»Komme mit mir.«

Sie schüttelte heftig den Kopf, wie verzweifelt.

Er lachte wieder und kannte sein Lachen nicht. »Du hältst mich zum besten. Sind diese Männer und diese Frauen hierher gekommen, nur um einander zu entflammen und dann zu verschmähen? Wer kann dir verbieten, mit mir fortzugehen, wenn du willst?«

Sie atmete tief auf und senkte das Haupt.

»Ah, nun versteh' ich«, sagte er. »Es ist die Strafe, die ihr dem bestimmt habt, der sich ungeladen einschleicht. Ihr hättet keine grausamere ersinnen können. Erlasse sie mir. Begnadige mich. Verhänge eine andere Buße über mich.
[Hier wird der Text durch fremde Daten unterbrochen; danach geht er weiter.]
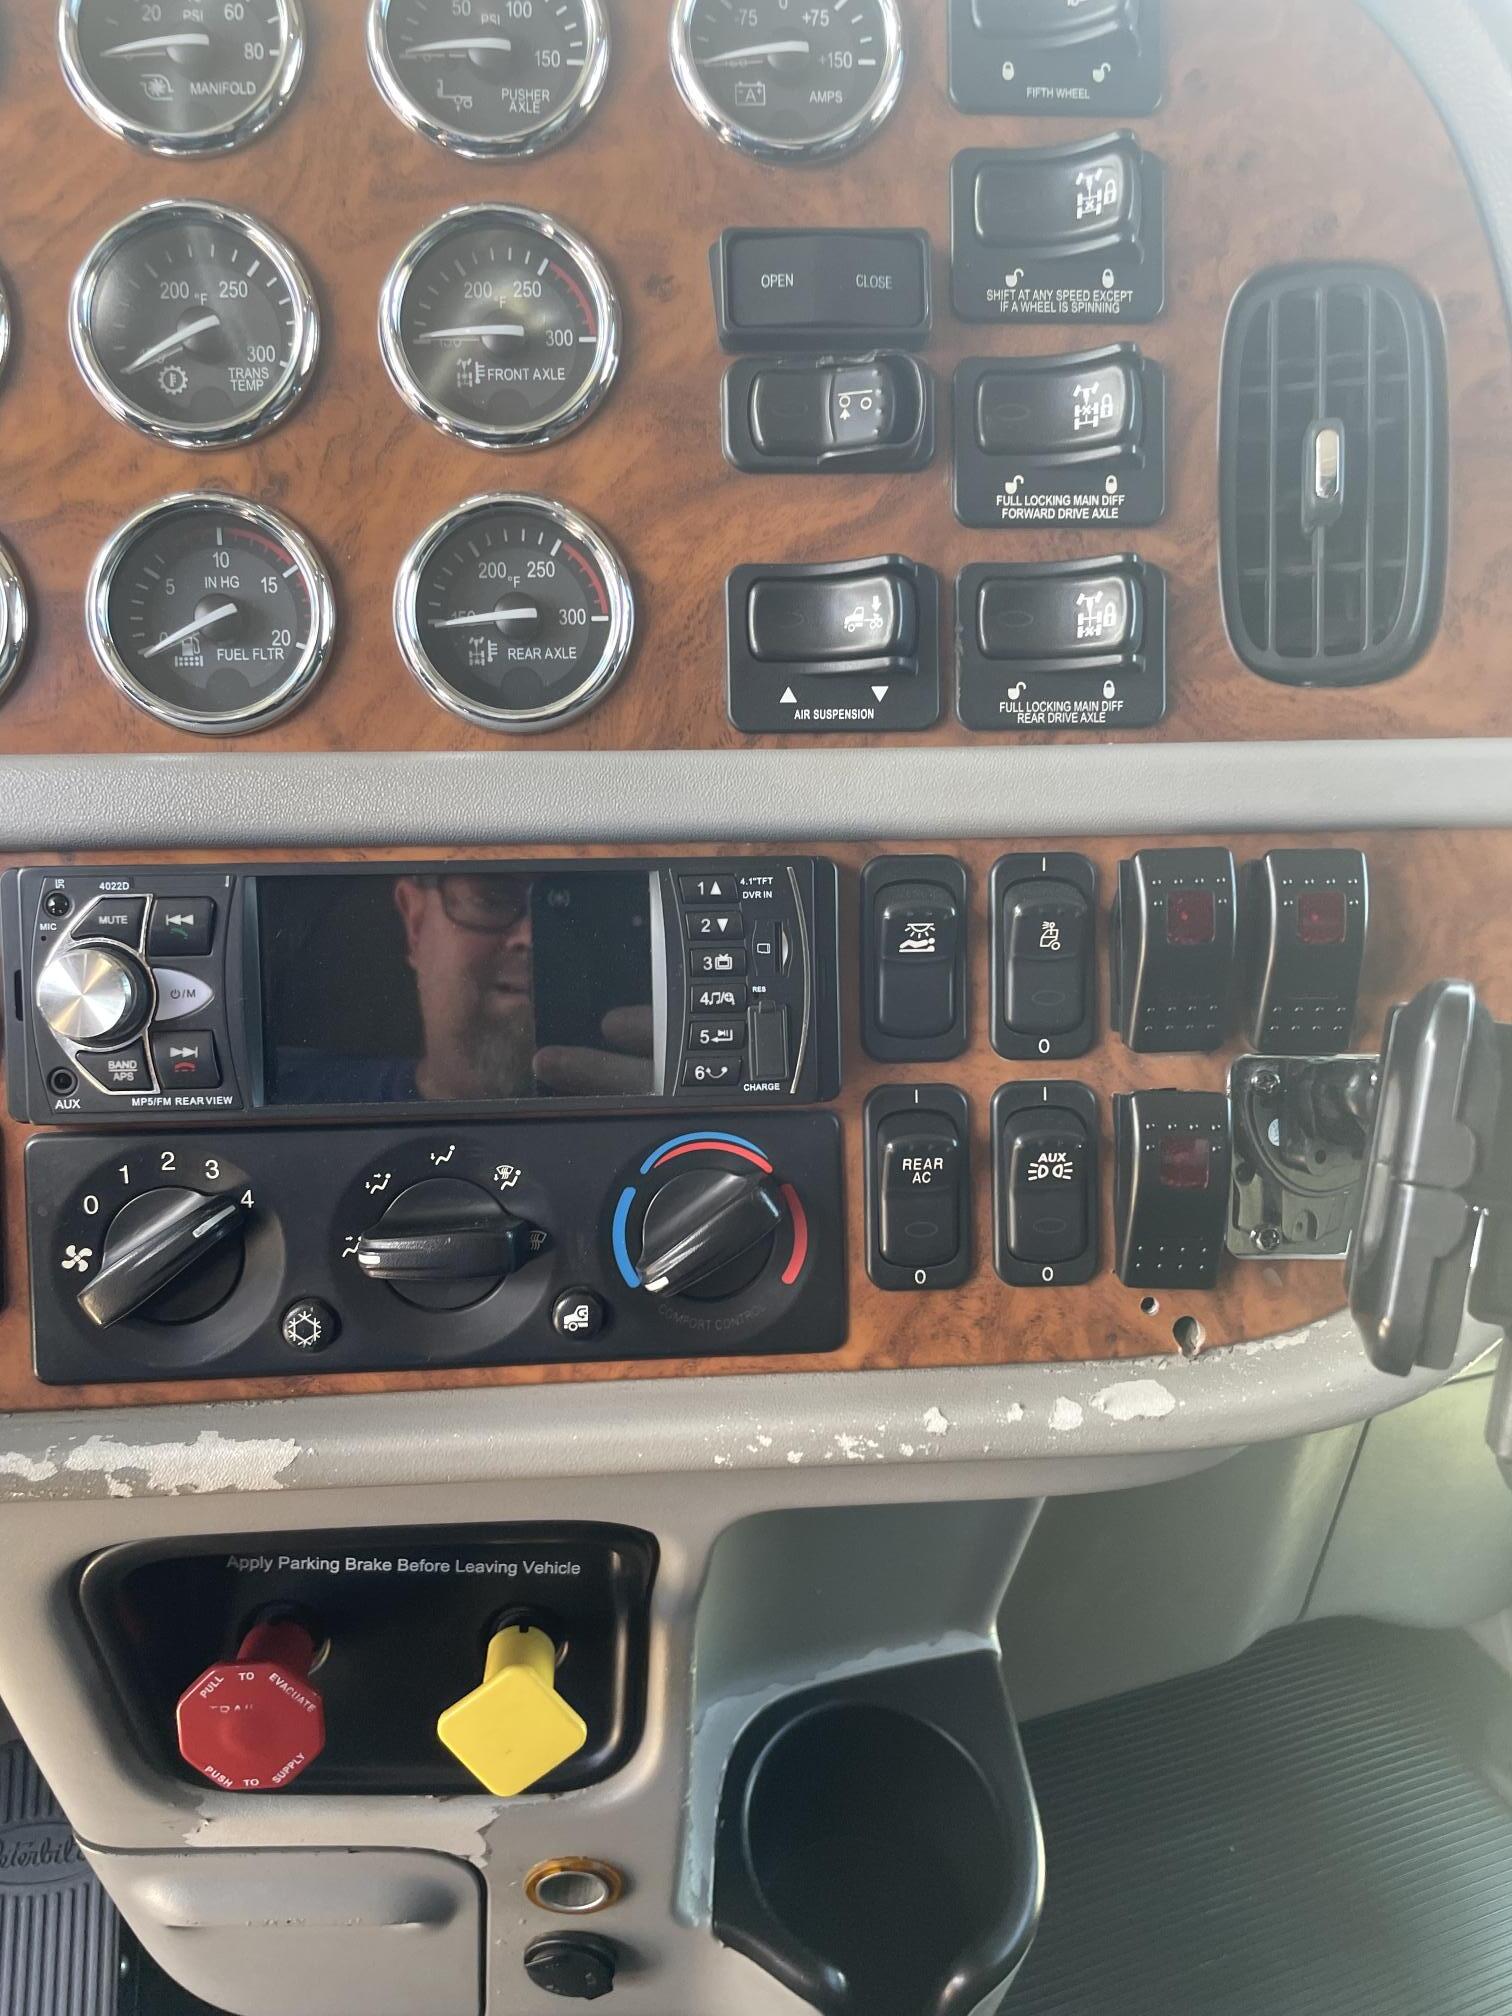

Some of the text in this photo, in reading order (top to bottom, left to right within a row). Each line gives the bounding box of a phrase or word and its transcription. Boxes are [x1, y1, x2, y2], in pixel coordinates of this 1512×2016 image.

[142, 4, 161, 21] 20
[183, 10, 204, 22] PSI
[224, 3, 244, 21] 60
[452, 1, 471, 16] 50
[506, 1, 533, 18] 100
[481, 14, 500, 25] PSI
[802, 9, 830, 26] +75
[244, 42, 264, 60] 80
[534, 51, 561, 67] 150
[819, 52, 852, 68] +150
[190, 82, 256, 96] MANIFOLD
[501, 88, 551, 101] PUSHER
[1026, 86, 1090, 100] FIFTH WHEEL
[809, 90, 843, 104] AMPS
[509, 102, 541, 114] AXLE
[761, 273, 794, 288] OPEN
[856, 274, 893, 290] CLOSE
[160, 282, 189, 299] 200
[219, 281, 248, 298] 250
[464, 281, 493, 298] 200
[513, 281, 542, 298] 250
[986, 289, 1133, 302] SHIFT AT ANY SPEED EXCEPT
[1000, 302, 1120, 314] IF A WHEEL IS SPINNING
[546, 329, 573, 346] 300
[247, 345, 276, 362] 300
[228, 367, 269, 379] TRANS
[487, 368, 566, 381] FRONT AXLE
[230, 380, 264, 391] TEMP
[996, 495, 1125, 506] FULL LOCKING MAIN DIFF
[1002, 508, 1119, 519] FORWARD DRIVE AXLE
[212, 551, 230, 568] 10
[478, 562, 507, 578] 200
[527, 561, 556, 578] 250
[166, 579, 175, 595] 5
[204, 576, 240, 588] IN HG
[261, 577, 278, 593] 15
[559, 609, 586, 625] 300
[271, 630, 291, 646] 20
[217, 648, 285, 661] FUEL FLTR
[508, 647, 577, 660] REAR AXLE
[794, 709, 875, 720] AIR SUSPENSION
[1000, 701, 1124, 713] FULL LOCKING MAIN DIFF
[1018, 712, 1106, 724] REAR DRIVE AXLE
[99, 882, 130, 891] 4022D
[697, 881, 704, 895] 1
[742, 890, 773, 899] DVR IN
[40, 923, 57, 931] MIC
[98, 915, 128, 925] MUTE
[700, 918, 711, 933] 2
[703, 956, 713, 970] 3
[700, 1029, 710, 1044] 5
[108, 1060, 137, 1069] BAND
[113, 1072, 135, 1081] APS
[694, 1065, 705, 1080] 6
[743, 1083, 780, 1091] CHARGE
[55, 1099, 81, 1109] AUX
[132, 1096, 233, 1106] MP5/FM REAR VIEW
[161, 1151, 176, 1171] 2
[902, 1157, 944, 1171] REAR
[1037, 1152, 1067, 1163] AUX
[118, 1164, 130, 1184] 1
[205, 1159, 220, 1180] 3
[912, 1172, 932, 1184] AC
[83, 1195, 99, 1215] 0
[240, 1190, 254, 1208] 4
[658, 1303, 767, 1331] COMFORT CONTROL
[226, 1555, 581, 1577] Apply Parking Brake Before Leaving Vehicle
[200, 1675, 224, 1698] PULL
[238, 1672, 255, 1681] TO
[268, 1673, 317, 1713] EVACUATE
[204, 1752, 305, 1787] PUSH TO SUPPLY
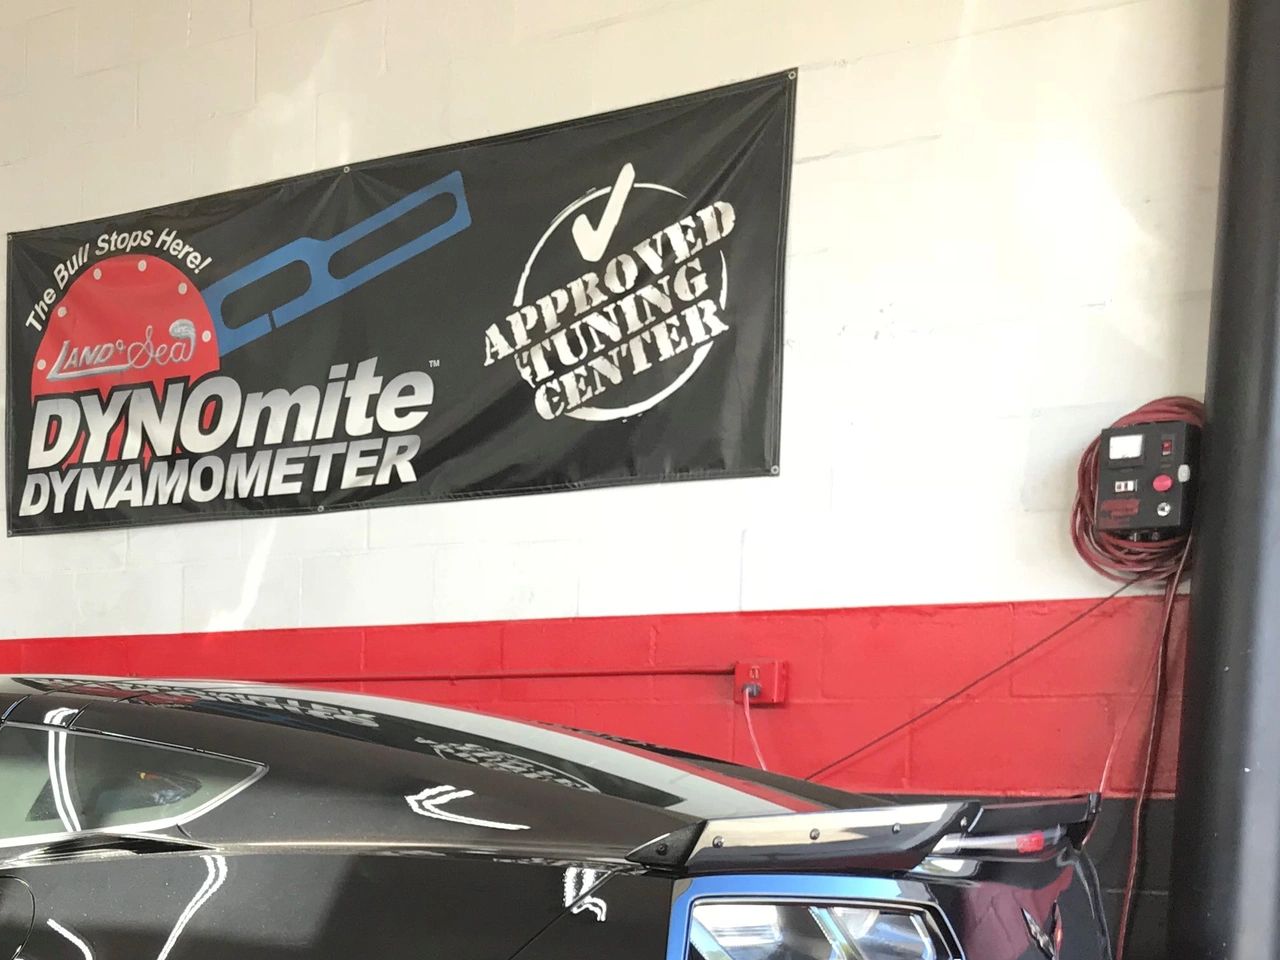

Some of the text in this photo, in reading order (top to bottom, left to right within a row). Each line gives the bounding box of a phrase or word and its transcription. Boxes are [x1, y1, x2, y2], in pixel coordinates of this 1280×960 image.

Nur nicht diese, daß ich ohne dich gehen soll!«

»Du bist wahnsinnig. Ich kann nicht mit dir von hier fortgehen, sowenig – wie mit irgendeinem andern. Und wer versuchen wollte, mir zu folgen, hätte sein und mein Leben verwirkt.«

Fridolin war wie trunken, nicht nur von ihr, ihrem duftenden Leib, ihrem rotglühenden Mund, nicht nur von der Atmosphäre dieses Raums, den wollüstigen Geheimnissen, die ihn hier umgaben; – er war berauscht und durstig zugleich von all den Erlebnissen dieser Nacht, deren keines einen Abschluß gehabt hatte; von sich selbst, von seiner Kühnheit, von der Wandlung, die er in sich spürte. Und er rührte mit den Händen an den Schleier, der um ihr Haupt geschlungen war, als wollte er ihn herunterziehen.

Sie ergriff seine Hände. »Es war eine Nacht, da fiel es einem ein, einer von uns im Tanz den Schleier von der Stirn zu reißen. Man riß ihm die Larve vom Gesicht und peitschte ihn hinaus.«

»Und – sie?«

»Du hast vielleicht von einem schönen, jungen Mädchen gelesen... es sind erst wenige Wochen her, die am Tag vor ihrer Hochzeit Gift nahm.«

Er erinnerte sich, auch des Namens. Er nannte ihn. War es nicht ein Mädchen aus fürstlichem Hause, das mit einem italienischen Prinzen verlobt gewesen war?

Sie nickte.

Plötzlich stand einer der Kavaliere da, der vornehmste von allen, der einzige in weißer Tracht; und mit einer kurzen, zwar höflichen, doch zugleich gebieterischen Verneigung forderte er die Frau, mit der Fridolin sprach, zu einem Tanze auf. Es war Fridolin, als zögerte sie einen Augenblick. Doch schon hatte der andere sie umfaßt und wirbelte mit ihr davon zu den andern Paaren im erleuchteten Nebensaal.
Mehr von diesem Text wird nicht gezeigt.